That’s one of the major concerns of US pilots (see rec.aviation.soaring): that
the Powerflarm will show the climb rates of nearby gliders, and thus somehow
will be used for leeching. They seem to miss the point that just by looking at
a nearby glider you can see if they are climbing better than you...
Cheers
Derek
人生は短いです:一日をつかむ
From: Luke O'Donnell [mailto:[email protected]]
Sent: Tuesday, 29 March 2011 5:54 PM
To: Hannu Niemi
Cc: [email protected]
Subject: Re: [Xcsoar-user] XCSoar OK for contest?
Do current builds of XCSoar still have the lift-rate via flarm sensing
capability? I was under the impression it was no longer in the build as of
5.2.x or something.

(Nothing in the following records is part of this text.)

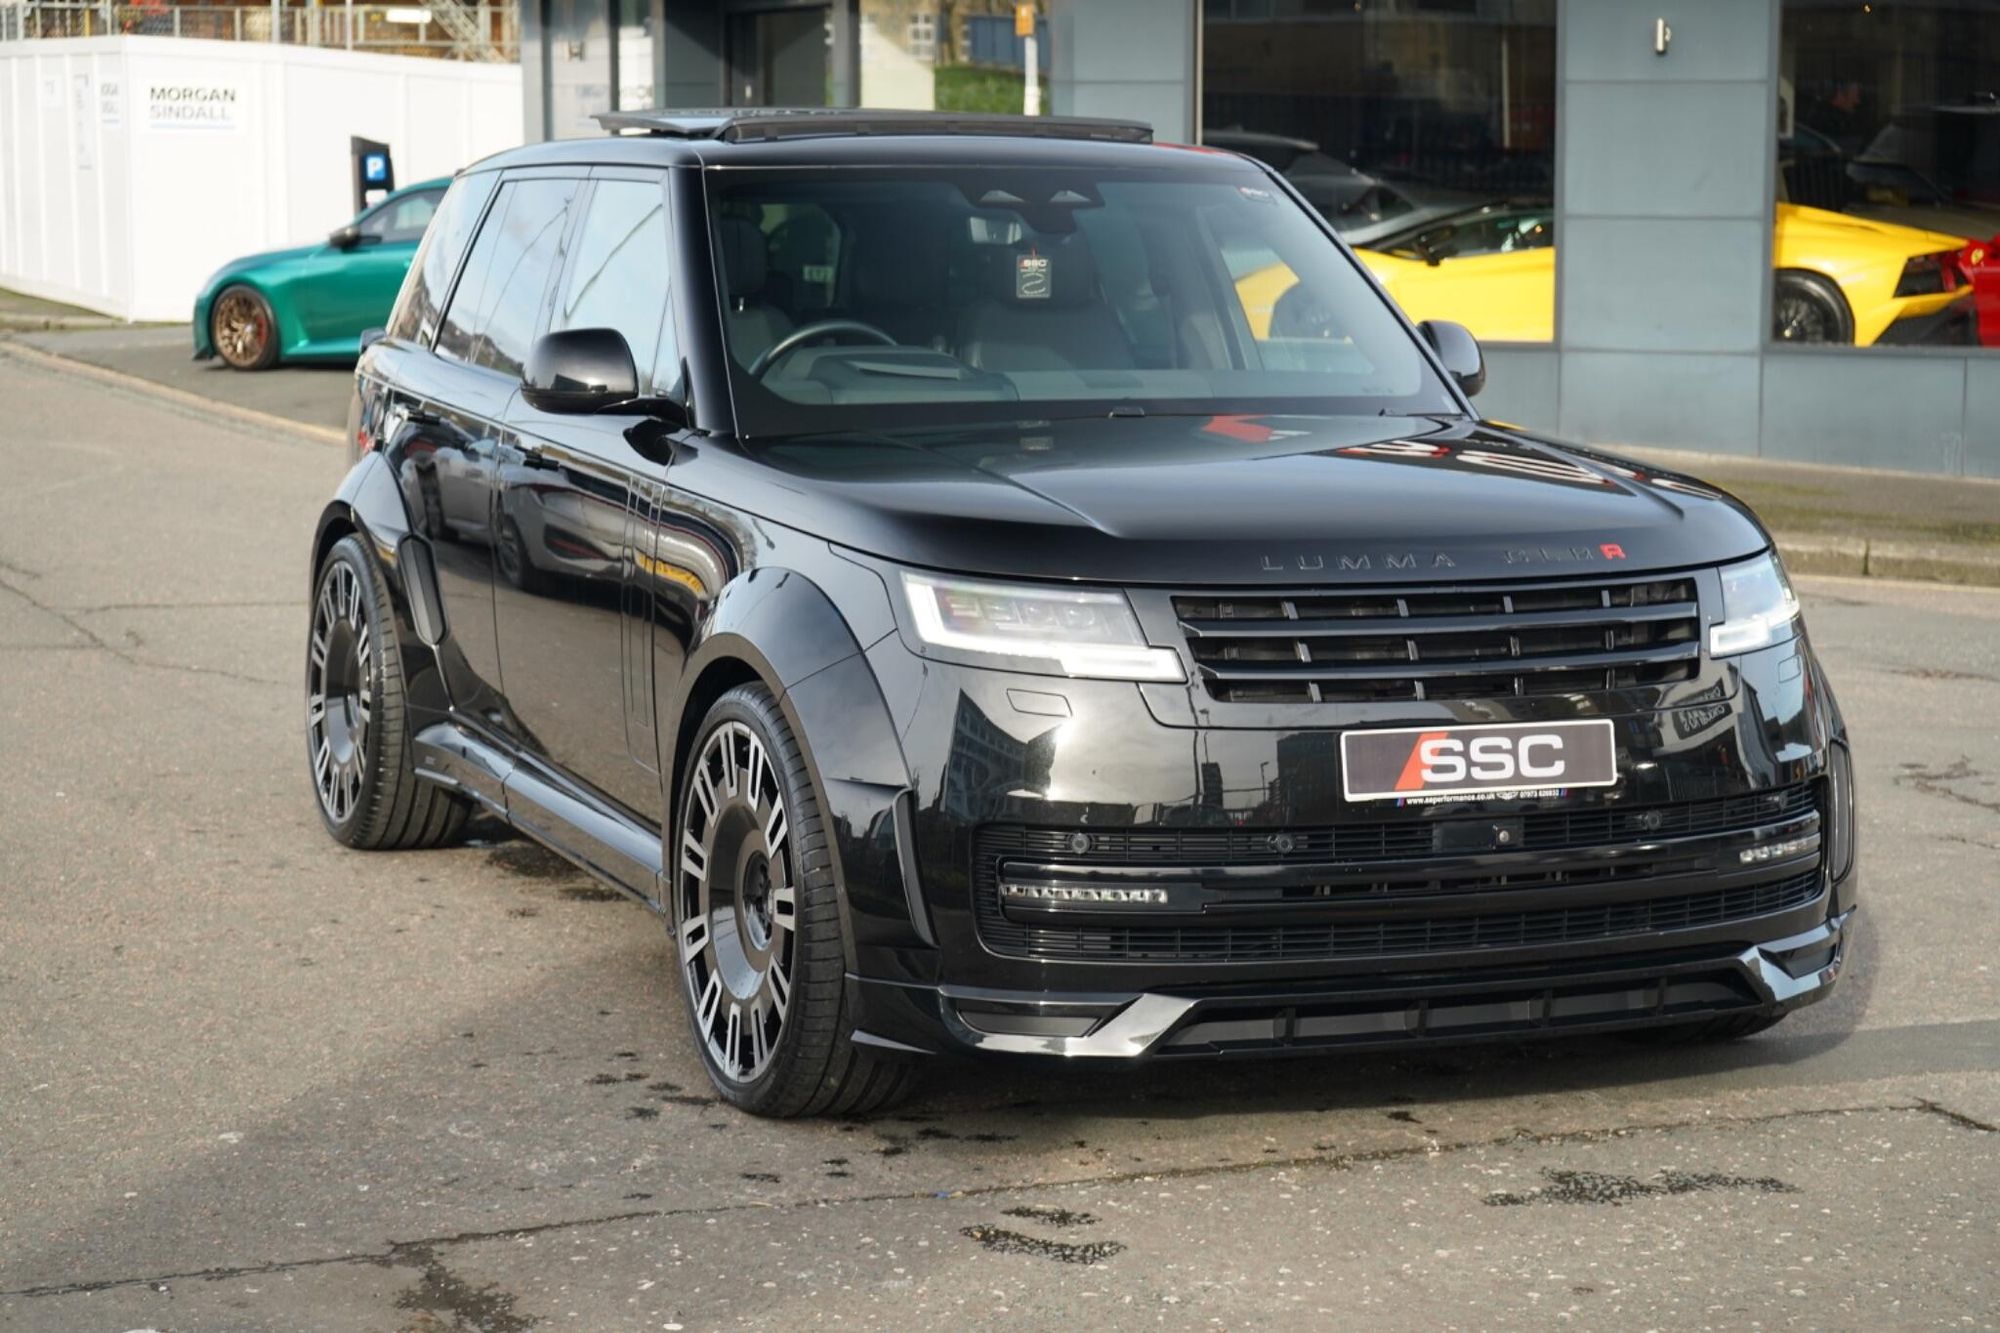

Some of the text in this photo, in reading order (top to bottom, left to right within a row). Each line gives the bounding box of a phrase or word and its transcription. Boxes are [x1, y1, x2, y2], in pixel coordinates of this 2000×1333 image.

[150, 87, 236, 102] MORGAN
[149, 105, 231, 120] SINDALL
[367, 156, 384, 179] P
[1260, 551, 1456, 571] LUMMA
[1419, 734, 1566, 783] SSC

At least i recall a conversation between altair owners who
mentioned you had to use an older build to get the functionality.

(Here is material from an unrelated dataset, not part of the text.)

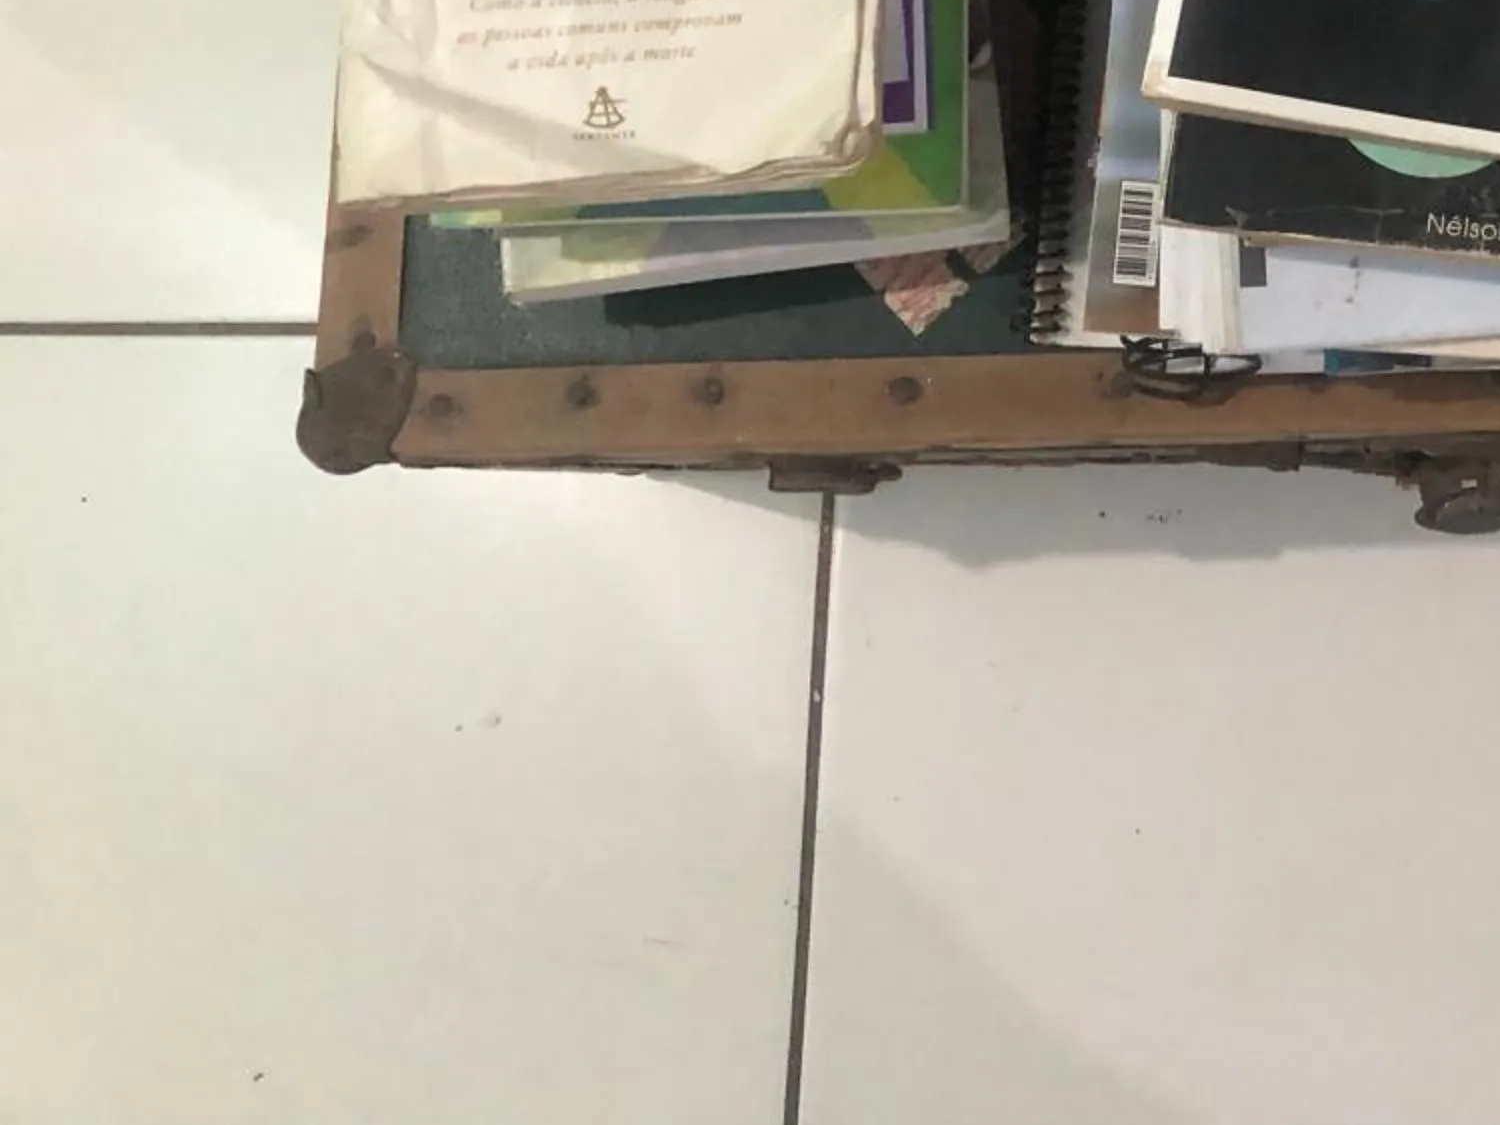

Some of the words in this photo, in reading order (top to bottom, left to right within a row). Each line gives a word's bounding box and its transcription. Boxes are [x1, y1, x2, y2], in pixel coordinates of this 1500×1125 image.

[634, 12, 743, 36] comprovam
[526, 49, 569, 70] vida
[643, 44, 697, 61] morte

The sportsmanship of using the functionality in competitions seems dubious at
best, has it been specifically ruled against by FAI or other gliding bodies?
Luke
On 29 March 2011 16:29, Hannu Niemi <[email protected]<mailto:[email protected]>>
wrote:
Actually I see that the airspace control is the "main point" why the software
loggers are not approved because the restricting altitudes are mostly defined
in standard pressure. The gps altitude is not pressure altitude neither the
accuracy on vertical component of GPS coordinates isn't as good as lateral.

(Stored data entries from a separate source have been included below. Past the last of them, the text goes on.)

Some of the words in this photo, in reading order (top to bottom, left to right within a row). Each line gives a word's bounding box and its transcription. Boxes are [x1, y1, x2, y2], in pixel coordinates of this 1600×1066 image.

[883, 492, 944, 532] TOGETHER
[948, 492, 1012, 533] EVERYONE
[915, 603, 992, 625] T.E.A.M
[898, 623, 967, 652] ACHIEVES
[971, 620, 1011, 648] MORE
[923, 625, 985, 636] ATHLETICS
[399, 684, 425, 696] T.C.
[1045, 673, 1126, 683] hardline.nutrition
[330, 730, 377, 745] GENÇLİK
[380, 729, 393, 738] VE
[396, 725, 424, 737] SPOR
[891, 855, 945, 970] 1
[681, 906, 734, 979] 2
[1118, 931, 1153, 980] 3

About the OLC flights it depends quite a lot WHERE you are flying. Here in
Finland it is quite possible to fly long flights without ever being close to
another glider, if you fly somewhere else than southern Finland ;)
hannu
On 29.3.2011 9:20, [email protected]<mailto:[email protected]> wrote:
If loggers would cooperate more tightly with EG Flarms, they could also log
meeting other aircraft during the flight. These events would be hardly
predictable by anyone interested in tampering with the flight data. During
scoring, flight data of all pilots could then automatically be checked against
each other. I can imagine that his would make even a software logger tamper
proof up to an extent that practically makes data manipulation impossible in
comps, especially if collected flights are not published before all the
IGC-Files have been turned in.
AFAIK the standard Flarm box does already collect this data as a means for a
range check analysis.
It could well be that one could spoof a flight for decentralised competitions
such as OLC, because one could argue that there was no other glider close
enough all flight long, but even that is quite unlikely.
Viele Grüße,
Martin Kopplow
---
Am 29.03.2011 um 07:34 schrieb "Luke O'Donnell"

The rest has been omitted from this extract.